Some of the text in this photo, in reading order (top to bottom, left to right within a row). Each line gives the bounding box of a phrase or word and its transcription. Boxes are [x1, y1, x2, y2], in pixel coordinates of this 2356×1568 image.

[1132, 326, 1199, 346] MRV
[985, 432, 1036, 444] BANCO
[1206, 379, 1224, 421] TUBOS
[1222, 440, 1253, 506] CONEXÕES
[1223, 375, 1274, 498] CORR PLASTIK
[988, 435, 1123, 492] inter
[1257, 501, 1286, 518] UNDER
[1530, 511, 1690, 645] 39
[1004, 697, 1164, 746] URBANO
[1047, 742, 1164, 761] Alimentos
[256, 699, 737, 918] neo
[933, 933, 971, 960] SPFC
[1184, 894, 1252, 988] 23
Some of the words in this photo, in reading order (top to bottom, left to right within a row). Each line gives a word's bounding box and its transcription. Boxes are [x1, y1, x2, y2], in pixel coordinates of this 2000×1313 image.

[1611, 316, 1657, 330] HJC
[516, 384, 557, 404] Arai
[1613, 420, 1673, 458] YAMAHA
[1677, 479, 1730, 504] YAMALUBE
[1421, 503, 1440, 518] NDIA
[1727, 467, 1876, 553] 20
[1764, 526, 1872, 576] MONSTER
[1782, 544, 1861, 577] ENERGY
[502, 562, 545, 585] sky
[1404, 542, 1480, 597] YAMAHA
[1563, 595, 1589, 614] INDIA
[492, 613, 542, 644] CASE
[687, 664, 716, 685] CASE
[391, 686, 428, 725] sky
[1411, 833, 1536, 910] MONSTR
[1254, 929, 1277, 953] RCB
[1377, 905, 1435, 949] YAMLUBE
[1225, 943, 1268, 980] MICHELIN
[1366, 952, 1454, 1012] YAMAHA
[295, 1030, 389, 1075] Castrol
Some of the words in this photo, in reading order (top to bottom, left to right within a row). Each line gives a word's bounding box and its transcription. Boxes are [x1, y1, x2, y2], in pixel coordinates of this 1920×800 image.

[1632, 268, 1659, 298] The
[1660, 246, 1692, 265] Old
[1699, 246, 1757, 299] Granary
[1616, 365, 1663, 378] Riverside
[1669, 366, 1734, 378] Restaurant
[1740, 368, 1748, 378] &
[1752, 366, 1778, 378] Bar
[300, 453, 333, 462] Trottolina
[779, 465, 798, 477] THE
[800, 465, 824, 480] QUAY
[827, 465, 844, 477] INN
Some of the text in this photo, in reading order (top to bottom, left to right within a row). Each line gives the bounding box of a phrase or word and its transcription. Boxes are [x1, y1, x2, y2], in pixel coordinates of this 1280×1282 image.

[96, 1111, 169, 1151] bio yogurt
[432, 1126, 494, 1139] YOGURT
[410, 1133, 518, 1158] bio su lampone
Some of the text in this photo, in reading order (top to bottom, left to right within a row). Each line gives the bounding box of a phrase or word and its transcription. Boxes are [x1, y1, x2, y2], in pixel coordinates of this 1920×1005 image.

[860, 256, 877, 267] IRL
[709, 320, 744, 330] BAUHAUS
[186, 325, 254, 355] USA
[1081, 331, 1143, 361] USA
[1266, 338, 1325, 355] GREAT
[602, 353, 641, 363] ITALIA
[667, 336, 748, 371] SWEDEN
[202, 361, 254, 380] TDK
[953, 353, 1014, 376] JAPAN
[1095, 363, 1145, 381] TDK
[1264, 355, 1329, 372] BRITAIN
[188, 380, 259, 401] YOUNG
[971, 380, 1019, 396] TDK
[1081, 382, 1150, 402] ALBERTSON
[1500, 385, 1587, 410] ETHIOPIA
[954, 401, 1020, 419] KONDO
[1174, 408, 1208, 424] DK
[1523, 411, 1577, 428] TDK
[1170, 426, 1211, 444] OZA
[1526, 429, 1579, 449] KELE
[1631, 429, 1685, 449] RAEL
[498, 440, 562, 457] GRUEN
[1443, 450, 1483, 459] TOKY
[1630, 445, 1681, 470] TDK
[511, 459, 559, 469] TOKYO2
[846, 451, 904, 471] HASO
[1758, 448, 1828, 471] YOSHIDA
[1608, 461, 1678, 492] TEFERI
++++
**What is being asked:** Copy down every record, keeping each one exact.

**Written response:**
Some of the text in this photo, in reading order (top to bottom, left to right within a row). Each line gives the bounding box of a phrase or word and its transcription. Boxes are [x1, y1, x2, y2], in pixel coordinates of this 2356×1568 image.

[1132, 326, 1199, 346] MRV
[985, 432, 1036, 444] BANCO
[1206, 379, 1224, 421] TUBOS
[1222, 440, 1253, 506] CONEXÕES
[1223, 375, 1274, 498] CORR PLASTIK
[988, 435, 1123, 492] inter
[1257, 501, 1286, 518] UNDER
[1530, 511, 1690, 645] 39
[1004, 697, 1164, 746] URBANO
[1047, 742, 1164, 761] Alimentos
[256, 699, 737, 918] neo
[933, 933, 971, 960] SPFC
[1184, 894, 1252, 988] 23
Some of the words in this photo, in reading order (top to bottom, left to right within a row). Each line gives a word's bounding box and its transcription. Boxes are [x1, y1, x2, y2], in pixel coordinates of this 2000×1313 image.

[1611, 316, 1657, 330] HJC
[516, 384, 557, 404] Arai
[1613, 420, 1673, 458] YAMAHA
[1677, 479, 1730, 504] YAMALUBE
[1421, 503, 1440, 518] NDIA
[1727, 467, 1876, 553] 20
[1764, 526, 1872, 576] MONSTER
[1782, 544, 1861, 577] ENERGY
[502, 562, 545, 585] sky
[1404, 542, 1480, 597] YAMAHA
[1563, 595, 1589, 614] INDIA
[492, 613, 542, 644] CASE
[687, 664, 716, 685] CASE
[391, 686, 428, 725] sky
[1411, 833, 1536, 910] MONSTR
[1254, 929, 1277, 953] RCB
[1377, 905, 1435, 949] YAMLUBE
[1225, 943, 1268, 980] MICHELIN
[1366, 952, 1454, 1012] YAMAHA
[295, 1030, 389, 1075] Castrol
Some of the words in this photo, in reading order (top to bottom, left to right within a row). Each line gives a word's bounding box and its transcription. Boxes are [x1, y1, x2, y2], in pixel coordinates of this 1920×800 image.

[1632, 268, 1659, 298] The
[1660, 246, 1692, 265] Old
[1699, 246, 1757, 299] Granary
[1616, 365, 1663, 378] Riverside
[1669, 366, 1734, 378] Restaurant
[1740, 368, 1748, 378] &
[1752, 366, 1778, 378] Bar
[300, 453, 333, 462] Trottolina
[779, 465, 798, 477] THE
[800, 465, 824, 480] QUAY
[827, 465, 844, 477] INN
Some of the text in this photo, in reading order (top to bottom, left to right within a row). Each line gives the bounding box of a phrase or word and its transcription. Boxes are [x1, y1, x2, y2], in pixel coordinates of this 1280×1282 image.

[96, 1111, 169, 1151] bio yogurt
[432, 1126, 494, 1139] YOGURT
[410, 1133, 518, 1158] bio su lampone
Some of the text in this photo, in reading order (top to bottom, left to right within a row). Each line gives the bounding box of a phrase or word and its transcription. Boxes are [x1, y1, x2, y2], in pixel coordinates of this 1920×1005 image.

[860, 256, 877, 267] IRL
[709, 320, 744, 330] BAUHAUS
[186, 325, 254, 355] USA
[1081, 331, 1143, 361] USA
[1266, 338, 1325, 355] GREAT
[602, 353, 641, 363] ITALIA
[667, 336, 748, 371] SWEDEN
[202, 361, 254, 380] TDK
[953, 353, 1014, 376] JAPAN
[1095, 363, 1145, 381] TDK
[1264, 355, 1329, 372] BRITAIN
[188, 380, 259, 401] YOUNG
[971, 380, 1019, 396] TDK
[1081, 382, 1150, 402] ALBERTSON
[1500, 385, 1587, 410] ETHIOPIA
[954, 401, 1020, 419] KONDO
[1174, 408, 1208, 424] DK
[1523, 411, 1577, 428] TDK
[1170, 426, 1211, 444] OZA
[1526, 429, 1579, 449] KELE
[1631, 429, 1685, 449] RAEL
[498, 440, 562, 457] GRUEN
[1443, 450, 1483, 459] TOKY
[1630, 445, 1681, 470] TDK
[511, 459, 559, 469] TOKYO2
[846, 451, 904, 471] HASO
[1758, 448, 1828, 471] YOSHIDA
[1608, 461, 1678, 492] TEFERI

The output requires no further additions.